The demonstrations began in December and extended to Istanbul and Konya, a city located in south-central Turkey, which has been hosting exiled Uyghurs since 2013. Uyghurs have been protesting outside the Chinese embassy for two months on a daily basis, but public gatherings are currently banned due to the outbreak of Covid-19. Demonstrators reported that the Turkish police informed them that the arrests took place to protect protesters from self-harm. One of the detained protestors, Azimet Muhammed told the Times,

“They said one of us was shouting that we would burn ourselves, and we were detained so none of us would be harmed. They kept us in the police car for three hours and then we spent an hour and a half in the police station while they prepared a report.”

The protestors were released without charge a few hours later. Desperate for information about their family members, they tried to approach the Chinese Embassy again, but were stopped by 50 officers outside their hotel. 

Turkey’s new China-focused foreign policy

The governor of Ankara has summoned the protesters to hear their demands, but justice for these families seems far, particularly when Turkey’s foreign policy is at a turning point. Opposition legislators have accused the Erdogan administration of selling out the Uyghurs in favour of vaccine exchange with China. Ankara has secured 50 million doses of China’s Coronavirus vaccine Sinovac and the first doses were initially slow to arrive in December, when the protests started. The legislators allege that China’s expectation that the Turkish government repress Uyghur voices in order to conserve their economic partnership seems to be coming to fruition.
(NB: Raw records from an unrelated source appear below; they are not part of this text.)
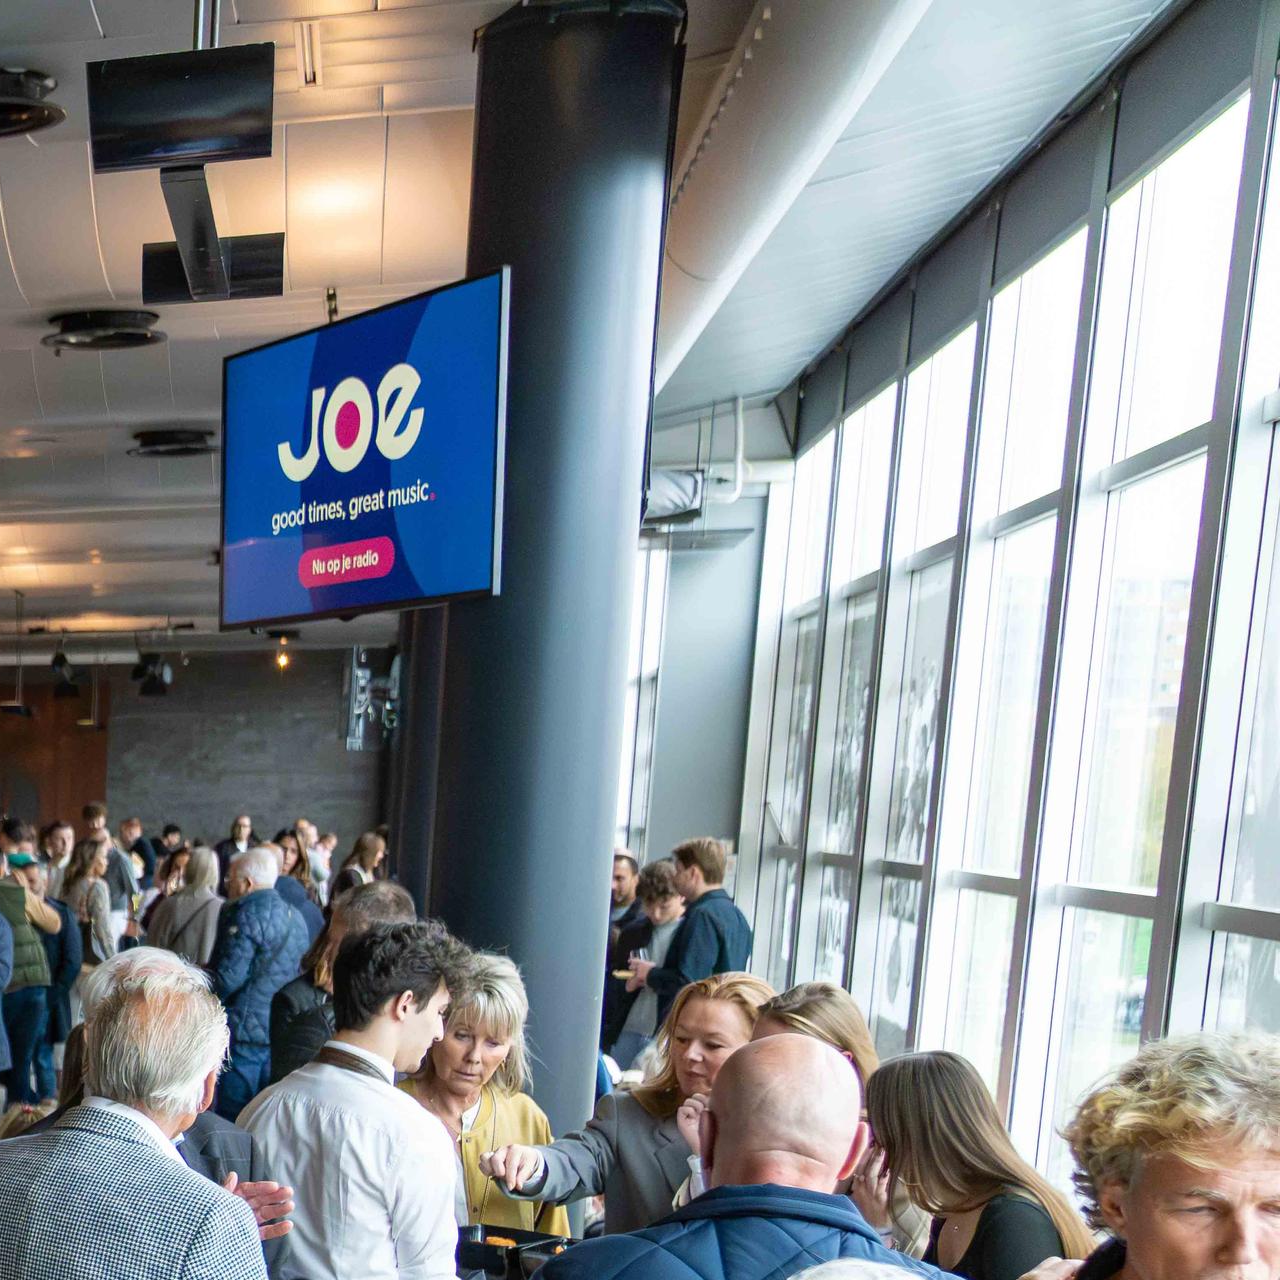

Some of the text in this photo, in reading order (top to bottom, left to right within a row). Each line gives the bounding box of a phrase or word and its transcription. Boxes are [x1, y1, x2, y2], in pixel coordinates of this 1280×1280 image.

[272, 503, 306, 536] good
[308, 500, 346, 523] times,
[349, 488, 385, 521] great
[312, 549, 379, 575] Nu op je radio
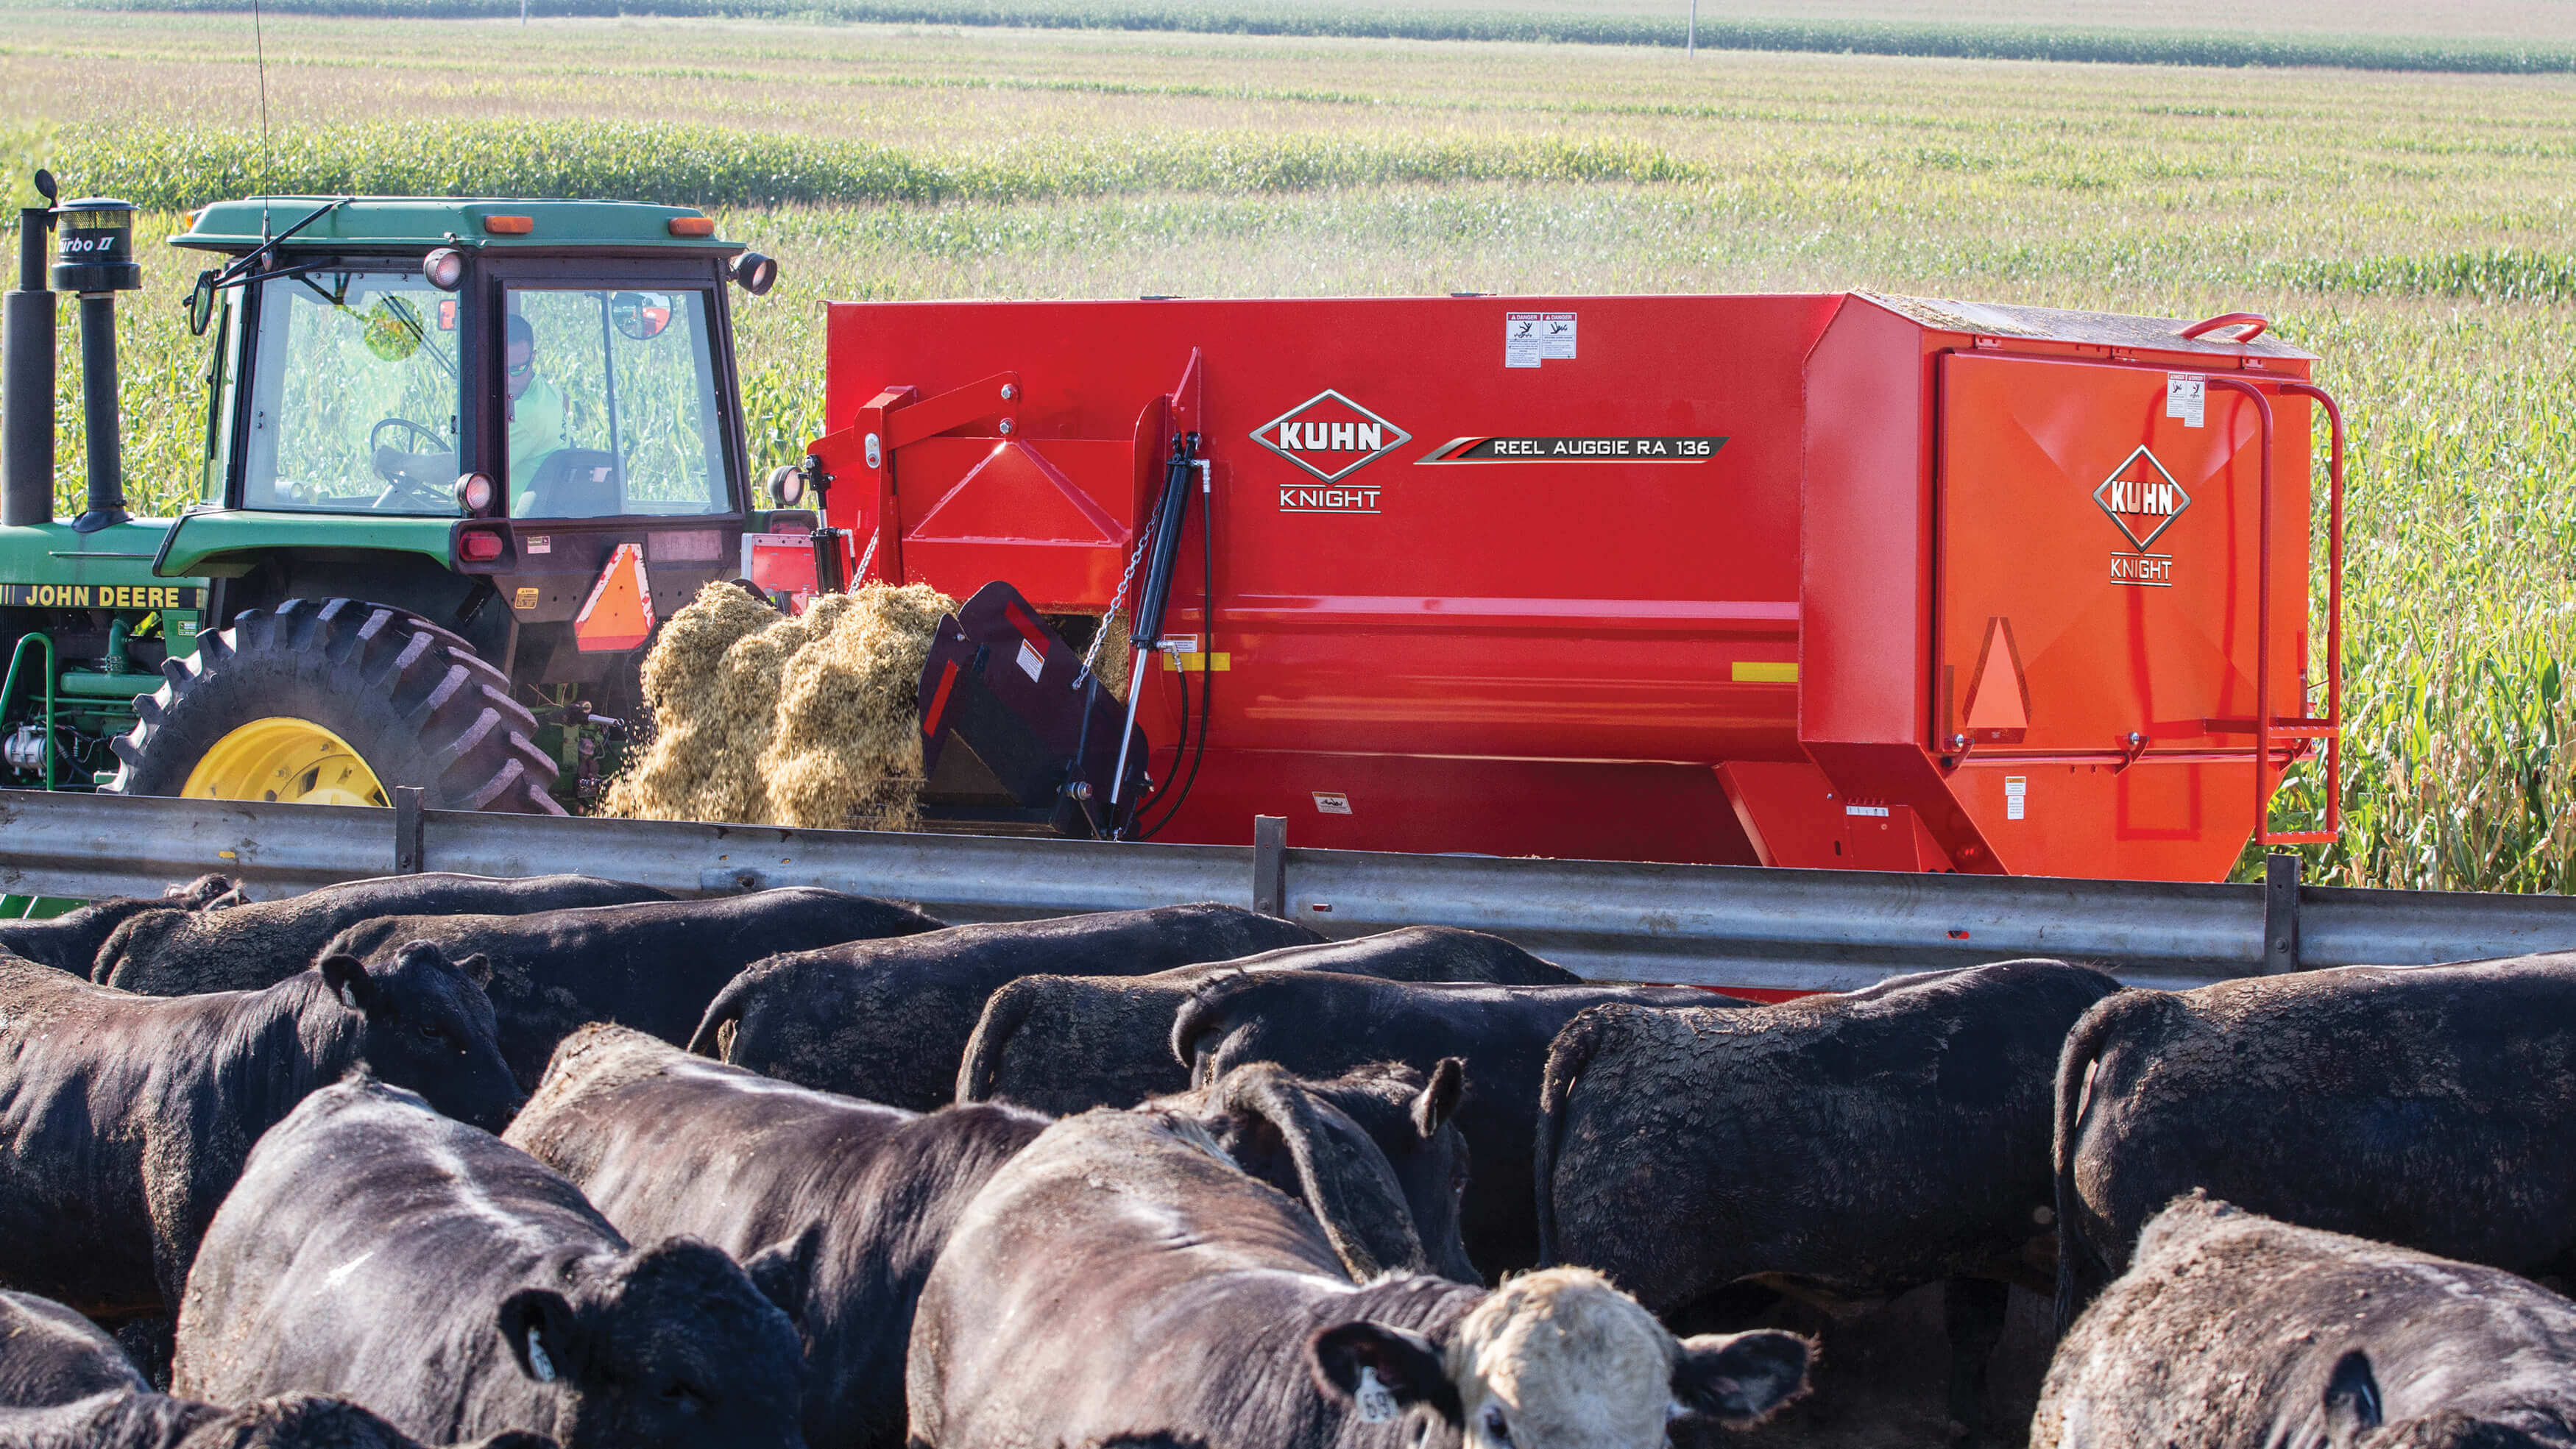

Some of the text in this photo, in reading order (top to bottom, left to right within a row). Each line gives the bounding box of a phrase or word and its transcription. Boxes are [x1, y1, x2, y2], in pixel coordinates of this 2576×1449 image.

[96, 236, 115, 251] II
[1279, 422, 1381, 450] KUHN
[1494, 441, 1710, 455] REEL AUGGIE RA 136
[1279, 489, 1381, 508] KNIGHT
[2112, 481, 2173, 515] KUHN
[2111, 558, 2172, 580] KNIGHT
[25, 585, 179, 608] JOHN DEERE
As well as vaccine exchange opposition legislators also fear that Beijing will use the vaccines as leverage to bring forward an extradition treaty. Turkish parliament will debate the ratification of the treaty this month. If approved, the ethnic minority Uyghurs escaping what was defined as ‘genocide’ by former US secretary of State Mike Pompeo, might risk deportation to China. 

Despite President Erdogan supporting the cause of the Uyghurs, a Turkic Muslim minority, Ankara urgently needs foreign investment to restore its economy. Will Turkey continue to limit the Uyghurs’ voices to keep close ties with its economic ally?